• **Exercise details**
Every entry below must be copied exactly, with nothing left out.

• **Data in this exercise**

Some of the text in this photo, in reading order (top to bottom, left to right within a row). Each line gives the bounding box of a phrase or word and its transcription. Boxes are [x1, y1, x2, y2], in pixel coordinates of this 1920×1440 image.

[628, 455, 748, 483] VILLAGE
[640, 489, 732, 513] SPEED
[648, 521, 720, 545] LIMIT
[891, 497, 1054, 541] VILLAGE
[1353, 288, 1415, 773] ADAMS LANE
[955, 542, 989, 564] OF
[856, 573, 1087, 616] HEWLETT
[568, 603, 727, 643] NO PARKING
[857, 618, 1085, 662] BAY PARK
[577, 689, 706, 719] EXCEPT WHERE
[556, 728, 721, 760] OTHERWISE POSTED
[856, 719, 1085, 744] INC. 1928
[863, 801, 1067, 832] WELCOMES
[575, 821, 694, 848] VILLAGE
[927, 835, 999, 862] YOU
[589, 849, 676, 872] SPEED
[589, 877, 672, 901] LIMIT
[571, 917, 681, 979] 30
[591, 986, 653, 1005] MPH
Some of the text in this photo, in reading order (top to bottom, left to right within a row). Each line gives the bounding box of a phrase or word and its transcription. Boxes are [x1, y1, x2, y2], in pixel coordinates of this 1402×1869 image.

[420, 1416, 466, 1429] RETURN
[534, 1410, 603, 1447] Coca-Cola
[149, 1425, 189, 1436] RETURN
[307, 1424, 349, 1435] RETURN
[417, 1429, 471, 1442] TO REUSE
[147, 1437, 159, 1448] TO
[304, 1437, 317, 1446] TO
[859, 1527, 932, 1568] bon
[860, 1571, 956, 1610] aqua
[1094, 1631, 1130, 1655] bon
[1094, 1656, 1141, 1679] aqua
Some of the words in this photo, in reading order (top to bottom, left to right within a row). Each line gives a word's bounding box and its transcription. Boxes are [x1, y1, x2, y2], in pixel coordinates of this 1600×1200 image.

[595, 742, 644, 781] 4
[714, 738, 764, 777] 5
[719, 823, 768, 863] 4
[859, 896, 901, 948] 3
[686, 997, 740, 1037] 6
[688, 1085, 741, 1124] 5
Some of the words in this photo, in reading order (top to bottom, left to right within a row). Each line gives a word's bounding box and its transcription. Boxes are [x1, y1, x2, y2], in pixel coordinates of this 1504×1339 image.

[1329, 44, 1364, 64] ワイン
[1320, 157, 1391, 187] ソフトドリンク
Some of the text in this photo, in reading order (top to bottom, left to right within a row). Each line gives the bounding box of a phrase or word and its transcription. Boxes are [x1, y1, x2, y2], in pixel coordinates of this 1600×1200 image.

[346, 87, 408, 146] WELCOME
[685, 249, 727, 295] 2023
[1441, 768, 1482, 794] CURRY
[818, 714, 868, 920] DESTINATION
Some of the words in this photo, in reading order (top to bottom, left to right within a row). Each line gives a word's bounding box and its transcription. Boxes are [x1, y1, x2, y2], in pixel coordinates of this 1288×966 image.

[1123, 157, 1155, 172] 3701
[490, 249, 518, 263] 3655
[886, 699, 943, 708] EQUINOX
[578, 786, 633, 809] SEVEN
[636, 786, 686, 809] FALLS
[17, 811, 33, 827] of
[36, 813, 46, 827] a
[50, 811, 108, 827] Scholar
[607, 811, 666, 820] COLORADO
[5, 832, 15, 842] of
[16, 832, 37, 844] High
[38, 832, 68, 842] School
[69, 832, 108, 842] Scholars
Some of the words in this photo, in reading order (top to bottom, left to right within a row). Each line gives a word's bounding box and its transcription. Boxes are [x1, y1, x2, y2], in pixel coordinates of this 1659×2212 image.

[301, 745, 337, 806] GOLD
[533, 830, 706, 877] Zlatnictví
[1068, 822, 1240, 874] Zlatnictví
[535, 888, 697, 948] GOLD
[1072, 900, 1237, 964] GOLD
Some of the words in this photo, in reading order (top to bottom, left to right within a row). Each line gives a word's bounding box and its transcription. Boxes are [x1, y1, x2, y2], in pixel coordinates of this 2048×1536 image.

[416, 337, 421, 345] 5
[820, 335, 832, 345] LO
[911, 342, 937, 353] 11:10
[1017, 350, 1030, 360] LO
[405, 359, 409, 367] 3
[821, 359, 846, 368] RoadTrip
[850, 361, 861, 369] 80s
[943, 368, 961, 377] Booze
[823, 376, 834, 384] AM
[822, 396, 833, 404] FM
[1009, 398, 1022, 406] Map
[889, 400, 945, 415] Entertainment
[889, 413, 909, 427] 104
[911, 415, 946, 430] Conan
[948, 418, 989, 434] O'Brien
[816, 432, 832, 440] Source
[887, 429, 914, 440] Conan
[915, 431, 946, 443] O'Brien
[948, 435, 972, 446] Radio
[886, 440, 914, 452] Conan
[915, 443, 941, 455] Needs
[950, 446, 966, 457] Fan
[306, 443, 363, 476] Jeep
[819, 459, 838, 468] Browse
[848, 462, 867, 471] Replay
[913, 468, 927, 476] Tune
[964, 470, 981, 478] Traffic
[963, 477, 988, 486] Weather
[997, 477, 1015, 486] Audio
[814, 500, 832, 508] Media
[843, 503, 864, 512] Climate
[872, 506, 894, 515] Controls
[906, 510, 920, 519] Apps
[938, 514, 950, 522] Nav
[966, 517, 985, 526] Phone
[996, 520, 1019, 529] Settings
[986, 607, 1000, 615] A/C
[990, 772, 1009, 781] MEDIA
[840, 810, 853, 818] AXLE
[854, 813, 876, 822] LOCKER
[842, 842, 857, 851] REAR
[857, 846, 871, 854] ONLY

• **Answer below**
Some of the text in this photo, in reading order (top to bottom, left to right within a row). Each line gives the bounding box of a phrase or word and its transcription. Boxes are [x1, y1, x2, y2], in pixel coordinates of this 1920×1440 image.

[628, 455, 748, 483] VILLAGE
[640, 489, 732, 513] SPEED
[648, 521, 720, 545] LIMIT
[891, 497, 1054, 541] VILLAGE
[1353, 288, 1415, 773] ADAMS LANE
[955, 542, 989, 564] OF
[856, 573, 1087, 616] HEWLETT
[568, 603, 727, 643] NO PARKING
[857, 618, 1085, 662] BAY PARK
[577, 689, 706, 719] EXCEPT WHERE
[556, 728, 721, 760] OTHERWISE POSTED
[856, 719, 1085, 744] INC. 1928
[863, 801, 1067, 832] WELCOMES
[575, 821, 694, 848] VILLAGE
[927, 835, 999, 862] YOU
[589, 849, 676, 872] SPEED
[589, 877, 672, 901] LIMIT
[571, 917, 681, 979] 30
[591, 986, 653, 1005] MPH
Some of the text in this photo, in reading order (top to bottom, left to right within a row). Each line gives the bounding box of a phrase or word and its transcription. Boxes are [x1, y1, x2, y2], in pixel coordinates of this 1402×1869 image.

[420, 1416, 466, 1429] RETURN
[534, 1410, 603, 1447] Coca-Cola
[149, 1425, 189, 1436] RETURN
[307, 1424, 349, 1435] RETURN
[417, 1429, 471, 1442] TO REUSE
[147, 1437, 159, 1448] TO
[304, 1437, 317, 1446] TO
[859, 1527, 932, 1568] bon
[860, 1571, 956, 1610] aqua
[1094, 1631, 1130, 1655] bon
[1094, 1656, 1141, 1679] aqua
Some of the words in this photo, in reading order (top to bottom, left to right within a row). Each line gives a word's bounding box and its transcription. Boxes are [x1, y1, x2, y2], in pixel coordinates of this 1600×1200 image.

[595, 742, 644, 781] 4
[714, 738, 764, 777] 5
[719, 823, 768, 863] 4
[859, 896, 901, 948] 3
[686, 997, 740, 1037] 6
[688, 1085, 741, 1124] 5
Some of the words in this photo, in reading order (top to bottom, left to right within a row). Each line gives a word's bounding box and its transcription. Boxes are [x1, y1, x2, y2], in pixel coordinates of this 1504×1339 image.

[1329, 44, 1364, 64] ワイン
[1320, 157, 1391, 187] ソフトドリンク
Some of the text in this photo, in reading order (top to bottom, left to right within a row). Each line gives the bounding box of a phrase or word and its transcription. Boxes are [x1, y1, x2, y2], in pixel coordinates of this 1600×1200 image.

[346, 87, 408, 146] WELCOME
[685, 249, 727, 295] 2023
[1441, 768, 1482, 794] CURRY
[818, 714, 868, 920] DESTINATION
Some of the words in this photo, in reading order (top to bottom, left to right within a row). Each line gives a word's bounding box and its transcription. Boxes are [x1, y1, x2, y2], in pixel coordinates of this 1288×966 image.

[1123, 157, 1155, 172] 3701
[490, 249, 518, 263] 3655
[886, 699, 943, 708] EQUINOX
[578, 786, 633, 809] SEVEN
[636, 786, 686, 809] FALLS
[17, 811, 33, 827] of
[36, 813, 46, 827] a
[50, 811, 108, 827] Scholar
[607, 811, 666, 820] COLORADO
[5, 832, 15, 842] of
[16, 832, 37, 844] High
[38, 832, 68, 842] School
[69, 832, 108, 842] Scholars
Some of the words in this photo, in reading order (top to bottom, left to right within a row). Each line gives a word's bounding box and its transcription. Boxes are [x1, y1, x2, y2], in pixel coordinates of this 1659×2212 image.

[301, 745, 337, 806] GOLD
[533, 830, 706, 877] Zlatnictví
[1068, 822, 1240, 874] Zlatnictví
[535, 888, 697, 948] GOLD
[1072, 900, 1237, 964] GOLD
Some of the words in this photo, in reading order (top to bottom, left to right within a row). Each line gives a word's bounding box and its transcription. Boxes are [x1, y1, x2, y2], in pixel coordinates of this 2048×1536 image.

[416, 337, 421, 345] 5
[820, 335, 832, 345] LO
[911, 342, 937, 353] 11:10
[1017, 350, 1030, 360] LO
[405, 359, 409, 367] 3
[821, 359, 846, 368] RoadTrip
[850, 361, 861, 369] 80s
[943, 368, 961, 377] Booze
[823, 376, 834, 384] AM
[822, 396, 833, 404] FM
[1009, 398, 1022, 406] Map
[889, 400, 945, 415] Entertainment
[889, 413, 909, 427] 104
[911, 415, 946, 430] Conan
[948, 418, 989, 434] O'Brien
[816, 432, 832, 440] Source
[887, 429, 914, 440] Conan
[915, 431, 946, 443] O'Brien
[948, 435, 972, 446] Radio
[886, 440, 914, 452] Conan
[915, 443, 941, 455] Needs
[950, 446, 966, 457] Fan
[306, 443, 363, 476] Jeep
[819, 459, 838, 468] Browse
[848, 462, 867, 471] Replay
[913, 468, 927, 476] Tune
[964, 470, 981, 478] Traffic
[963, 477, 988, 486] Weather
[997, 477, 1015, 486] Audio
[814, 500, 832, 508] Media
[843, 503, 864, 512] Climate
[872, 506, 894, 515] Controls
[906, 510, 920, 519] Apps
[938, 514, 950, 522] Nav
[966, 517, 985, 526] Phone
[996, 520, 1019, 529] Settings
[986, 607, 1000, 615] A/C
[990, 772, 1009, 781] MEDIA
[840, 810, 853, 818] AXLE
[854, 813, 876, 822] LOCKER
[842, 842, 857, 851] REAR
[857, 846, 871, 854] ONLY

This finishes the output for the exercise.